Nickel and stainless-steel impact

Over the past year, the global nickel price has increased by 30% on average, with a much higher spike in June. This is largely attributed to a lower than usual Chinese output associated with Covid-19 lockdowns in the country, and sanctions against Russian raw materials. As AWE uses Raney nickel as a catalyst, and nickel for porous transport layers, bipolar plates, and end plates, the metal contributed to significant inflationary pressures since the beginning of 2020, with an average increase of 10% between 2021 to 2022. Furthermore, stainless-steel production accounts for approximately two thirds of global nickel demand. Nickel is used as an alloying material in stainless steel production to increase steel’s formability, weldability, and ductility, while also increasing its corrosion resistance. Due to the importance of nickel in stainless steel production, nickel prices are a large driver of the cost of stainless-steel. Stainless steel is a common material used in electrolyzers, including PEM stack components such as bipolar and end plates, as well as balance of plant (BOP) components such as piping, valves, tanks, and pumps.

According to Rystad Energy research, the price of nickel is expected to continue its downward price trend and is estimated to fall towards $25,000/tonne (or lower) in 2023, due to the relaxing of Chinese zero-covid policies and additional Indonesian supply hitting the market. In addition, global steel prices are expected to lower as the US ramps up steel production and starts importing more from Europe (where prices are significantly lower). These price reductions should help reduce the cost of electrolyzer components containing stainless steel and nickel.

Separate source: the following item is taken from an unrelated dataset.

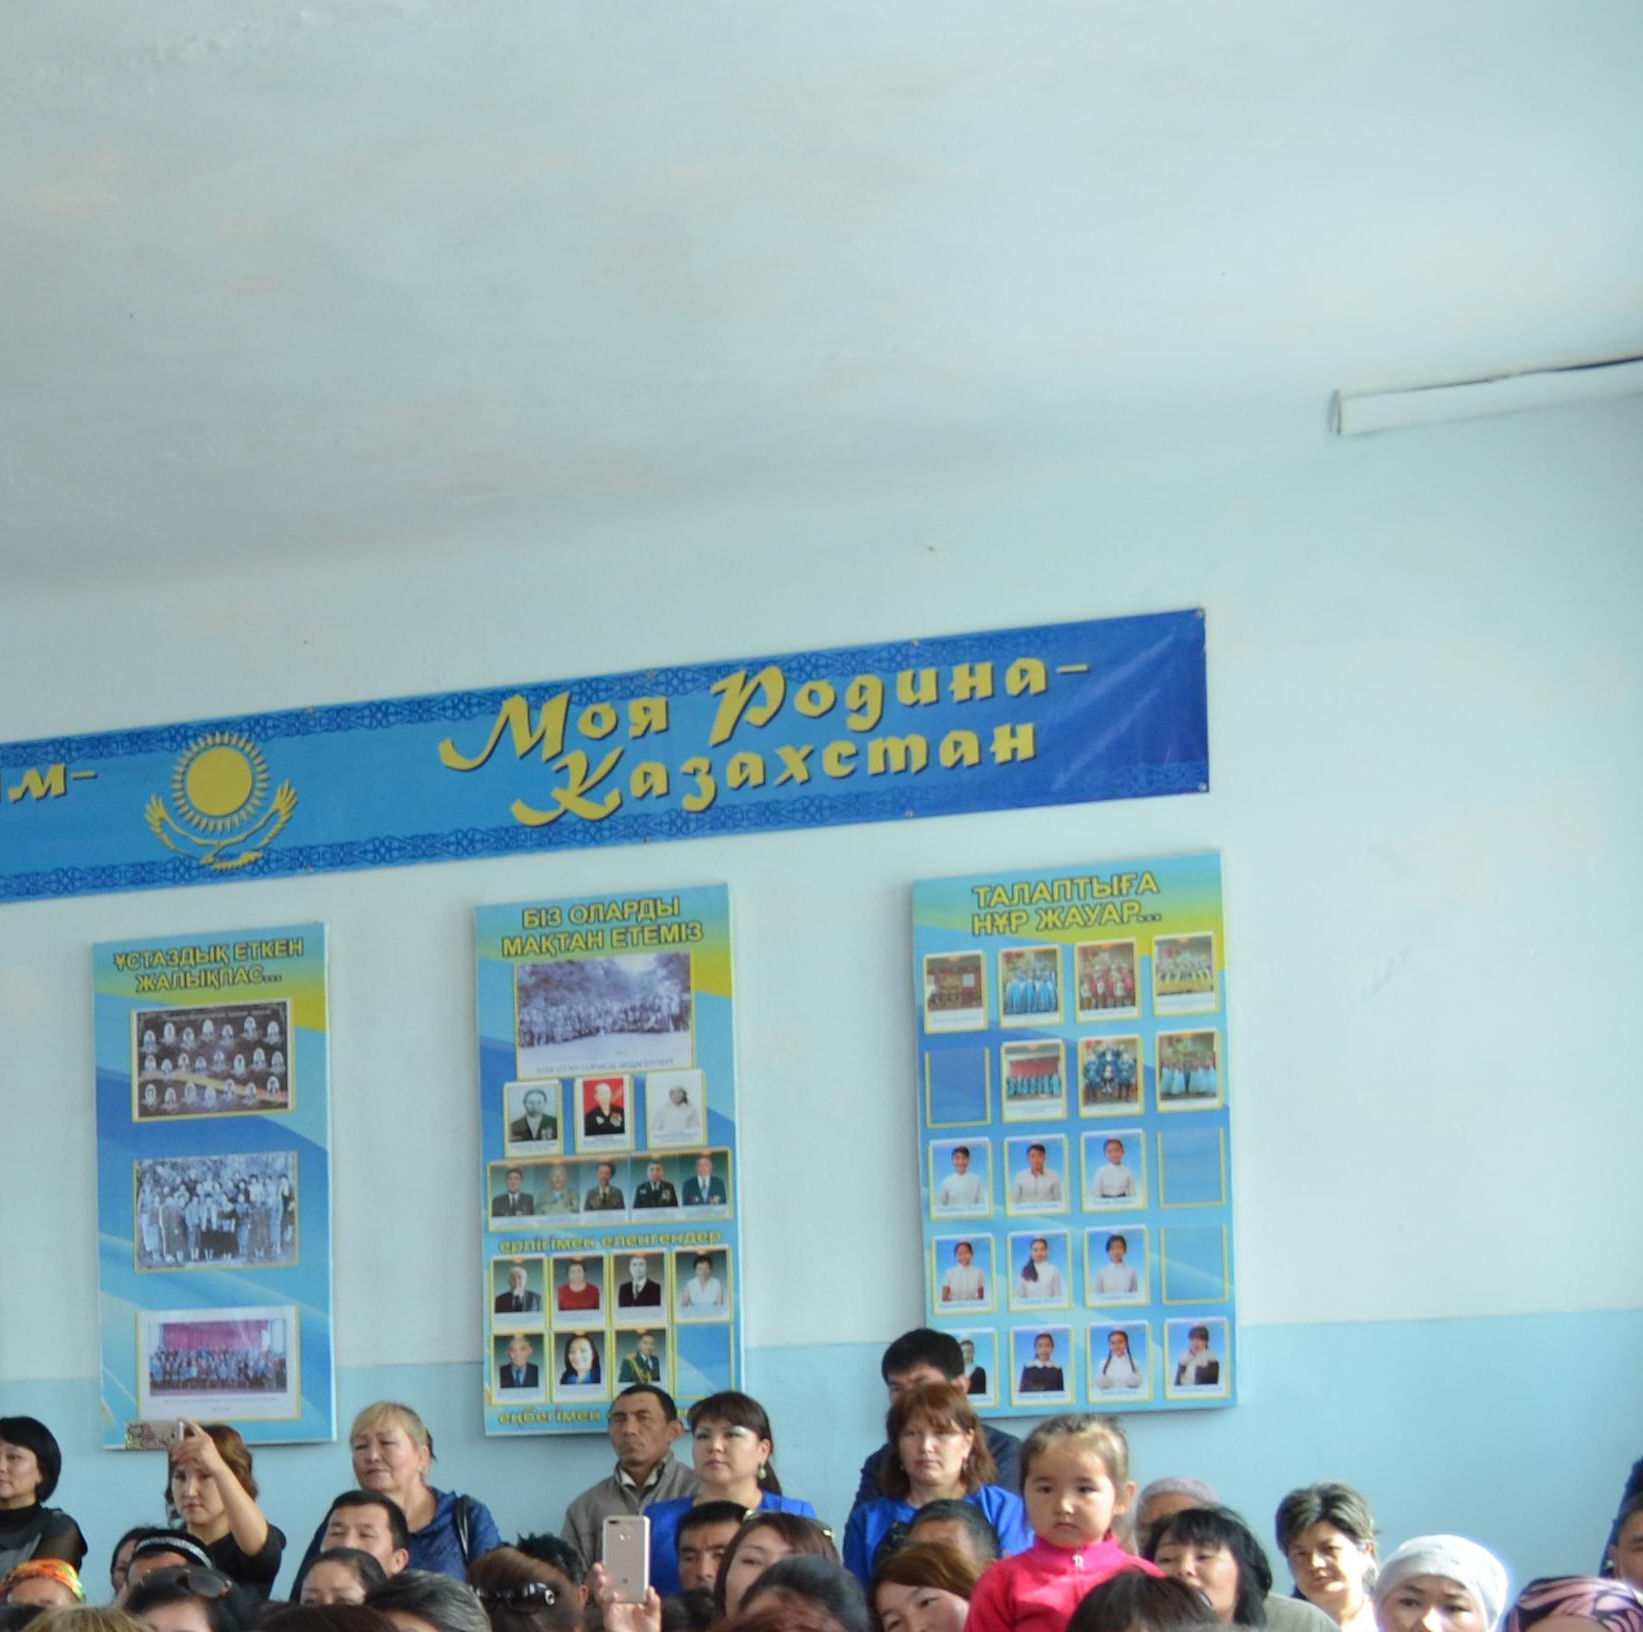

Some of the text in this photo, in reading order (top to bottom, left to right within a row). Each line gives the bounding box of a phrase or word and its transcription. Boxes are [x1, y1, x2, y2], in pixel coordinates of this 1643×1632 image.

There are many pathways to electrolyzer cost cuts: reducing the presence of precious metals, increasing electrolyzer efficiency, increasing production volumes, and automizing manufacturing processes. Additionally, there are actual governmental supports to turn these pathways into realities too. For instance, the Important Project of Common European Interest (IPCEI) ‘Hy2Tech’ €5.4 billion fund released in 2022 or the recently announced Green Deal Industrial Plan where the bloc’s Innovation Fund will focus on scaling up manufacturing of electrolyzers’ components among other. Overall, Rystad Energy expects that such cost cuts will help reduce electrolyzer service price inflation by around 15% by 2027, and thus improve the economics of green hydrogen production.